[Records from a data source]
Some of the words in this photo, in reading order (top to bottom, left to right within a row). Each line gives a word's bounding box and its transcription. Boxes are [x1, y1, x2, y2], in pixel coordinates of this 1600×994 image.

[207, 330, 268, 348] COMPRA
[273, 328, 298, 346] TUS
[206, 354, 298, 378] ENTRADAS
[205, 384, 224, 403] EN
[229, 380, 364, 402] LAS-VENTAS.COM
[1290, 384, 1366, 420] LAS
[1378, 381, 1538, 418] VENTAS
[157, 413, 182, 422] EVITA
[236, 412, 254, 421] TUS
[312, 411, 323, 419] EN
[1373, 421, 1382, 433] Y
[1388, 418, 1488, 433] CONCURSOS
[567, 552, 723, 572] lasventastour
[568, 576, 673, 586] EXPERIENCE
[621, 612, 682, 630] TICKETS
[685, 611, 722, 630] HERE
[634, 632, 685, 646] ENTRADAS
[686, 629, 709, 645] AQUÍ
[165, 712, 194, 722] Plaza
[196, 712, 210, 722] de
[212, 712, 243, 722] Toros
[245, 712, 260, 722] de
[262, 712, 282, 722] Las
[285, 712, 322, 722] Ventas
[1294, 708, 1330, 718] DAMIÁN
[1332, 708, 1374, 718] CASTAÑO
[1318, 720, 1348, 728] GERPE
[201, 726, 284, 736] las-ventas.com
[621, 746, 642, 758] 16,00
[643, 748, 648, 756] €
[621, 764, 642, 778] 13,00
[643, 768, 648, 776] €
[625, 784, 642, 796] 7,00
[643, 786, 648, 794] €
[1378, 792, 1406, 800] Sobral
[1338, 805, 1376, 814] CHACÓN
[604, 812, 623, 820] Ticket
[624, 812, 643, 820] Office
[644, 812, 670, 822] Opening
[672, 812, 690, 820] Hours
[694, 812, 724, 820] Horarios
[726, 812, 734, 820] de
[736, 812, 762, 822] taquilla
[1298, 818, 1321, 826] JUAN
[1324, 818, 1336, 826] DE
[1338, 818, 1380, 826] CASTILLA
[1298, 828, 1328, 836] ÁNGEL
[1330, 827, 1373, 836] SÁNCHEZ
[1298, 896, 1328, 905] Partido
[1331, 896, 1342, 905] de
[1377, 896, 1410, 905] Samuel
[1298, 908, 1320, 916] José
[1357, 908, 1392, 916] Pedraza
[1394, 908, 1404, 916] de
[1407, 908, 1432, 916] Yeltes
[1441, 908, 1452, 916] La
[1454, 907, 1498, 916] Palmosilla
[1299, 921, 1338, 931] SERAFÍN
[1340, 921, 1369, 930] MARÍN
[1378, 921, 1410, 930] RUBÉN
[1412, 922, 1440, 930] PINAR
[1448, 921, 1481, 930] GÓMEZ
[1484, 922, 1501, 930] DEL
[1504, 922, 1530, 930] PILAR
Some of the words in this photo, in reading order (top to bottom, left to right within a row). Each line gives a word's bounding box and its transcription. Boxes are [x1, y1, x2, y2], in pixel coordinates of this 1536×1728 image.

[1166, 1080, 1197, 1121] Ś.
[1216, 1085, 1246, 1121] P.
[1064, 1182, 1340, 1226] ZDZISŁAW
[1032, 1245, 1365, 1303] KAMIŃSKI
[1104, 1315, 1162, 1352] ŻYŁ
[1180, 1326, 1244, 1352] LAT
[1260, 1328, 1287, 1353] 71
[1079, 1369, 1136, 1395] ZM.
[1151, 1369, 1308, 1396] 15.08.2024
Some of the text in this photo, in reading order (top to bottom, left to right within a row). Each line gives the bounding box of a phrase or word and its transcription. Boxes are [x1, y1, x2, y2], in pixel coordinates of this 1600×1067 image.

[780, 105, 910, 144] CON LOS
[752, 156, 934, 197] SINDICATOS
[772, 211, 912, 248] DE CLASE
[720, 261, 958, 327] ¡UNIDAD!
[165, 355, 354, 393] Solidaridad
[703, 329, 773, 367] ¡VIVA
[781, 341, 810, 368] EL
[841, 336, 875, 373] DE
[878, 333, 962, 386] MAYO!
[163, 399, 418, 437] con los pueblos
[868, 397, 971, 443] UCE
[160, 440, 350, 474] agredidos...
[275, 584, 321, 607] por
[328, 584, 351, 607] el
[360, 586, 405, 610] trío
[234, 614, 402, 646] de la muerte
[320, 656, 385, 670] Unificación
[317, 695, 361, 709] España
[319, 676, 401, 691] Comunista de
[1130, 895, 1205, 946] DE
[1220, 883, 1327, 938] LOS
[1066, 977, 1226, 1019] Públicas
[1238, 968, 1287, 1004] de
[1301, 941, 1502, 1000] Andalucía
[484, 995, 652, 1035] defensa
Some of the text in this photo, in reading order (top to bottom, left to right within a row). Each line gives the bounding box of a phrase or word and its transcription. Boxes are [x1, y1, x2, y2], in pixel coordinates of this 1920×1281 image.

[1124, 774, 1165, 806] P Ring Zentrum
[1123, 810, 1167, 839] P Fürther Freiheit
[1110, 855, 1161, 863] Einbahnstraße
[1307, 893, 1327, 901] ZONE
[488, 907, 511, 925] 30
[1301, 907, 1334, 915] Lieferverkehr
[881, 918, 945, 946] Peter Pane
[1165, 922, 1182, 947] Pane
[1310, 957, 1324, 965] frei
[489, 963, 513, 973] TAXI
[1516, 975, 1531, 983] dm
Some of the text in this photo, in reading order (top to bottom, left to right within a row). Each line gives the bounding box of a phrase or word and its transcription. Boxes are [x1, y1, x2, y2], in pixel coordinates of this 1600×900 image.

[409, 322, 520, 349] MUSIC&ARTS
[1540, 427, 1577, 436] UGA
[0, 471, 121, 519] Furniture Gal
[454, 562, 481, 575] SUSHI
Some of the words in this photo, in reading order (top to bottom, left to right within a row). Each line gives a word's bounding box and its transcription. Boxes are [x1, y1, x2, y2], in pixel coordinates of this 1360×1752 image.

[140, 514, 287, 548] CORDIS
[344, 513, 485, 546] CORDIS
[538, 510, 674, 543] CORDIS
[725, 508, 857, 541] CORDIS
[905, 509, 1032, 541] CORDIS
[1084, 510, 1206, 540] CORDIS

◆ ACTIVITY: Make an exact copy of the data above.

◆ SOLUTION FOR THIS TASK:
Some of the words in this photo, in reading order (top to bottom, left to right within a row). Each line gives a word's bounding box and its transcription. Boxes are [x1, y1, x2, y2], in pixel coordinates of this 1600×994 image.

[207, 330, 268, 348] COMPRA
[273, 328, 298, 346] TUS
[206, 354, 298, 378] ENTRADAS
[205, 384, 224, 403] EN
[229, 380, 364, 402] LAS-VENTAS.COM
[1290, 384, 1366, 420] LAS
[1378, 381, 1538, 418] VENTAS
[157, 413, 182, 422] EVITA
[236, 412, 254, 421] TUS
[312, 411, 323, 419] EN
[1373, 421, 1382, 433] Y
[1388, 418, 1488, 433] CONCURSOS
[567, 552, 723, 572] lasventastour
[568, 576, 673, 586] EXPERIENCE
[621, 612, 682, 630] TICKETS
[685, 611, 722, 630] HERE
[634, 632, 685, 646] ENTRADAS
[686, 629, 709, 645] AQUÍ
[165, 712, 194, 722] Plaza
[196, 712, 210, 722] de
[212, 712, 243, 722] Toros
[245, 712, 260, 722] de
[262, 712, 282, 722] Las
[285, 712, 322, 722] Ventas
[1294, 708, 1330, 718] DAMIÁN
[1332, 708, 1374, 718] CASTAÑO
[1318, 720, 1348, 728] GERPE
[201, 726, 284, 736] las-ventas.com
[621, 746, 642, 758] 16,00
[643, 748, 648, 756] €
[621, 764, 642, 778] 13,00
[643, 768, 648, 776] €
[625, 784, 642, 796] 7,00
[643, 786, 648, 794] €
[1378, 792, 1406, 800] Sobral
[1338, 805, 1376, 814] CHACÓN
[604, 812, 623, 820] Ticket
[624, 812, 643, 820] Office
[644, 812, 670, 822] Opening
[672, 812, 690, 820] Hours
[694, 812, 724, 820] Horarios
[726, 812, 734, 820] de
[736, 812, 762, 822] taquilla
[1298, 818, 1321, 826] JUAN
[1324, 818, 1336, 826] DE
[1338, 818, 1380, 826] CASTILLA
[1298, 828, 1328, 836] ÁNGEL
[1330, 827, 1373, 836] SÁNCHEZ
[1298, 896, 1328, 905] Partido
[1331, 896, 1342, 905] de
[1377, 896, 1410, 905] Samuel
[1298, 908, 1320, 916] José
[1357, 908, 1392, 916] Pedraza
[1394, 908, 1404, 916] de
[1407, 908, 1432, 916] Yeltes
[1441, 908, 1452, 916] La
[1454, 907, 1498, 916] Palmosilla
[1299, 921, 1338, 931] SERAFÍN
[1340, 921, 1369, 930] MARÍN
[1378, 921, 1410, 930] RUBÉN
[1412, 922, 1440, 930] PINAR
[1448, 921, 1481, 930] GÓMEZ
[1484, 922, 1501, 930] DEL
[1504, 922, 1530, 930] PILAR
Some of the words in this photo, in reading order (top to bottom, left to right within a row). Each line gives a word's bounding box and its transcription. Boxes are [x1, y1, x2, y2], in pixel coordinates of this 1536×1728 image.

[1166, 1080, 1197, 1121] Ś.
[1216, 1085, 1246, 1121] P.
[1064, 1182, 1340, 1226] ZDZISŁAW
[1032, 1245, 1365, 1303] KAMIŃSKI
[1104, 1315, 1162, 1352] ŻYŁ
[1180, 1326, 1244, 1352] LAT
[1260, 1328, 1287, 1353] 71
[1079, 1369, 1136, 1395] ZM.
[1151, 1369, 1308, 1396] 15.08.2024
Some of the text in this photo, in reading order (top to bottom, left to right within a row). Each line gives the bounding box of a phrase or word and its transcription. Boxes are [x1, y1, x2, y2], in pixel coordinates of this 1600×1067 image.

[780, 105, 910, 144] CON LOS
[752, 156, 934, 197] SINDICATOS
[772, 211, 912, 248] DE CLASE
[720, 261, 958, 327] ¡UNIDAD!
[165, 355, 354, 393] Solidaridad
[703, 329, 773, 367] ¡VIVA
[781, 341, 810, 368] EL
[841, 336, 875, 373] DE
[878, 333, 962, 386] MAYO!
[163, 399, 418, 437] con los pueblos
[868, 397, 971, 443] UCE
[160, 440, 350, 474] agredidos...
[275, 584, 321, 607] por
[328, 584, 351, 607] el
[360, 586, 405, 610] trío
[234, 614, 402, 646] de la muerte
[320, 656, 385, 670] Unificación
[317, 695, 361, 709] España
[319, 676, 401, 691] Comunista de
[1130, 895, 1205, 946] DE
[1220, 883, 1327, 938] LOS
[1066, 977, 1226, 1019] Públicas
[1238, 968, 1287, 1004] de
[1301, 941, 1502, 1000] Andalucía
[484, 995, 652, 1035] defensa
Some of the text in this photo, in reading order (top to bottom, left to right within a row). Each line gives the bounding box of a phrase or word and its transcription. Boxes are [x1, y1, x2, y2], in pixel coordinates of this 1920×1281 image.

[1124, 774, 1165, 806] P Ring Zentrum
[1123, 810, 1167, 839] P Fürther Freiheit
[1110, 855, 1161, 863] Einbahnstraße
[1307, 893, 1327, 901] ZONE
[488, 907, 511, 925] 30
[1301, 907, 1334, 915] Lieferverkehr
[881, 918, 945, 946] Peter Pane
[1165, 922, 1182, 947] Pane
[1310, 957, 1324, 965] frei
[489, 963, 513, 973] TAXI
[1516, 975, 1531, 983] dm
Some of the text in this photo, in reading order (top to bottom, left to right within a row). Each line gives the bounding box of a phrase or word and its transcription. Boxes are [x1, y1, x2, y2], in pixel coordinates of this 1600×900 image.

[409, 322, 520, 349] MUSIC&ARTS
[1540, 427, 1577, 436] UGA
[0, 471, 121, 519] Furniture Gal
[454, 562, 481, 575] SUSHI
Some of the words in this photo, in reading order (top to bottom, left to right within a row). Each line gives a word's bounding box and its transcription. Boxes are [x1, y1, x2, y2], in pixel coordinates of this 1360×1752 image.

[140, 514, 287, 548] CORDIS
[344, 513, 485, 546] CORDIS
[538, 510, 674, 543] CORDIS
[725, 508, 857, 541] CORDIS
[905, 509, 1032, 541] CORDIS
[1084, 510, 1206, 540] CORDIS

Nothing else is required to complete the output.